How to do the cobra to downdog stretch:

  • Lying flat on a mat, place your hands just before your hips. 
  • Straighten your arms, keeping your hips in contact with the ground. 
  • Look up and arch your back. 

Moving to the downward dog

  • Keep your hands in the same position. 
  • Lift your hips off the ground as high as possible while keeping your legs straight. 
  • Move on to your toes, pushing your palms into the ground. 
  • Move your head in between your arms, looking back at your feet.

5. Supine Spine Twist

Simple but effective, the supine spine twist exercise is a great back stretch, lengthening the back muscles and increasing mobility. Performed lying on your back, the supine spine twist is generally safer than other twisting back stretches and effectively relieves muscle tension in the back and the hips and glutes.

Again, this back stretch can be dynamic or static. We prefer to perform the supine spine twist as a static stretch, relaxing into the stretch for a few breaths to release tension and promote calmness. This back flexibility exercise feels SO good; you'll love it.

How to do the supine spine twist

  • Lie down on a mat facing the ceiling. 
  • Place your arms directly to the side to help stabilize your body. 
  • Bring your knees up, creating a right angle with your legs.
  • Slowly lower both legs to one side, keeping your back flat on the ground and head facing upwards. 
  • Relax the legs to the side before slowly lifting back to the middle and repeating on the other side.

6. Jefferson Curl

The Jefferson Curl is a dynamic back stretch that will lengthen and stretch the back and hamstrings, two key areas that contribute to lower back pain and discomfort. Few exercises take the spine through such an extended range of motion, and the deep back stretch experienced at the bottom of the movement as the weight pulls you down is not comparable to any other movement.

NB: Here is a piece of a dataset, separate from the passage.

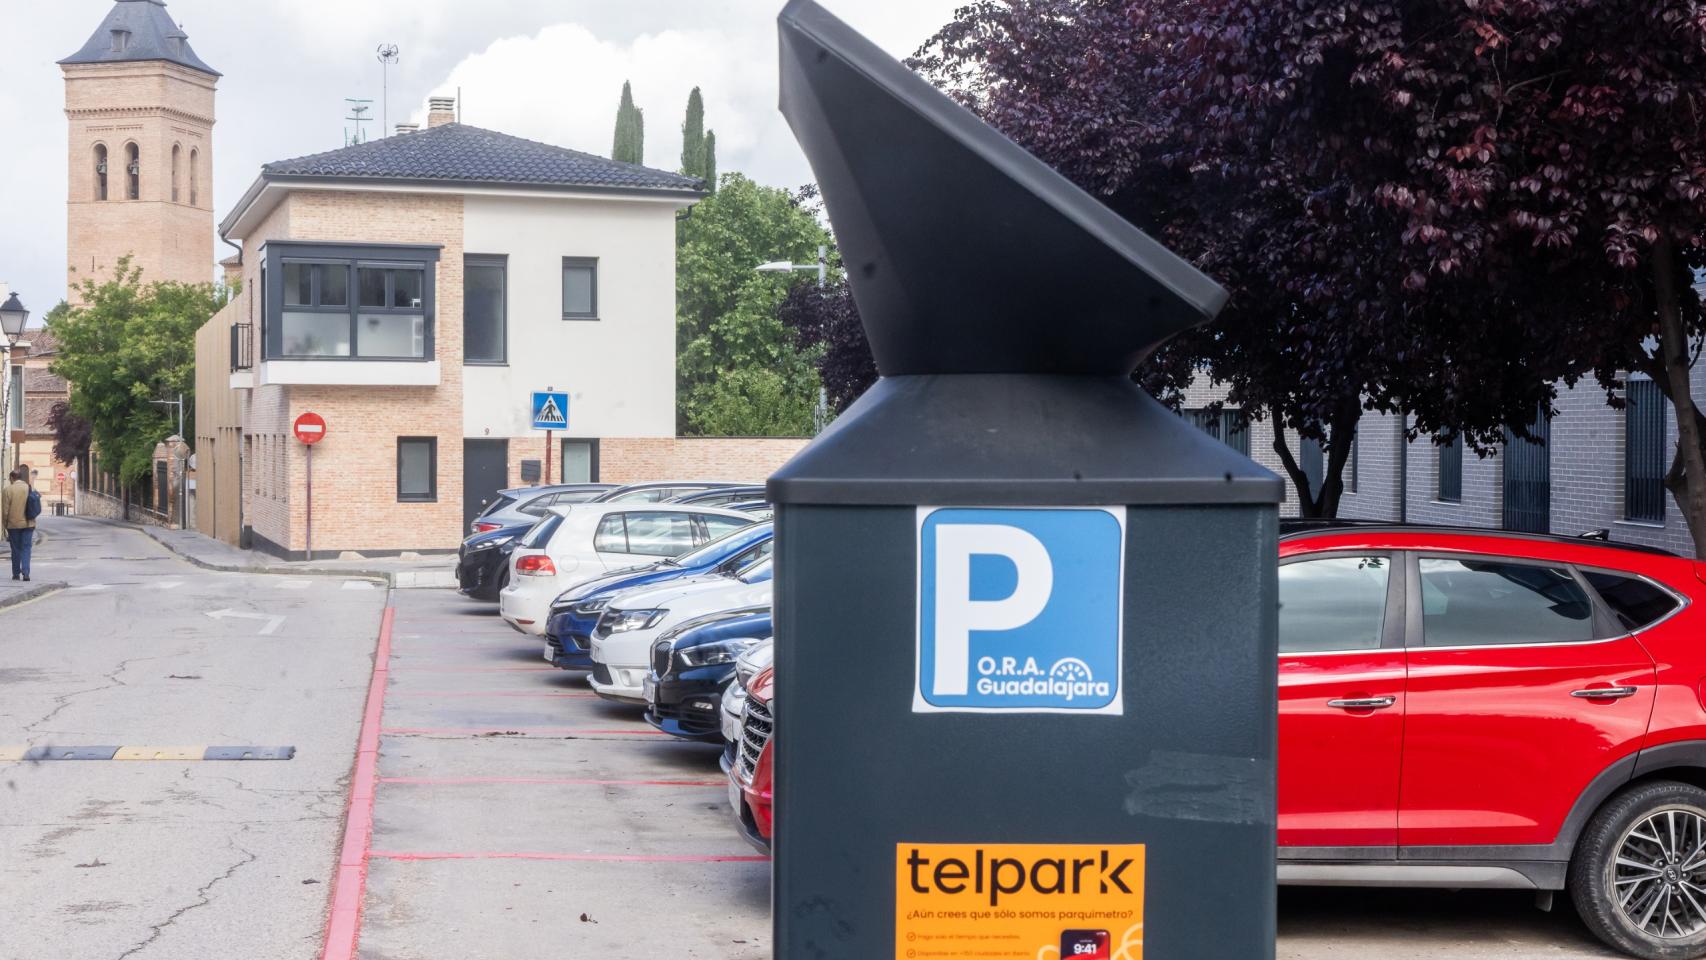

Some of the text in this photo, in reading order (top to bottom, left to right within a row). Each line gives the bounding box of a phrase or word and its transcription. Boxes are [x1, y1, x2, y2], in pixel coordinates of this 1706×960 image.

How to do the Jefferson curl:

  • Bend your knees and keep a straight back when picking up your weight. 
  • Place your feet shoulder-width apart, holding the weight with both hands. 
  • Relax your arms, and curl your back over as if you were trying to touch your toes. 
  • Keep your legs and arms straight during the entire stretch. 
  • Relax at the bottom of the movement and exhale, embracing the stretch. 
  • Hold for a few seconds before slowly returning to the top, and repeat.

7. Kneeling Thoracic Twists

Thoracic back mobility exercises relieve the lower and mid-back from tightness and aches. The Kneeling Thoracic Twist does just that, improving back mobility and reducing tension in the middle of your back. If you sit at a desk all day, rounding your thoracic spine and kneeling thoracic twists are great backstretches to relieve mid-back stiffness.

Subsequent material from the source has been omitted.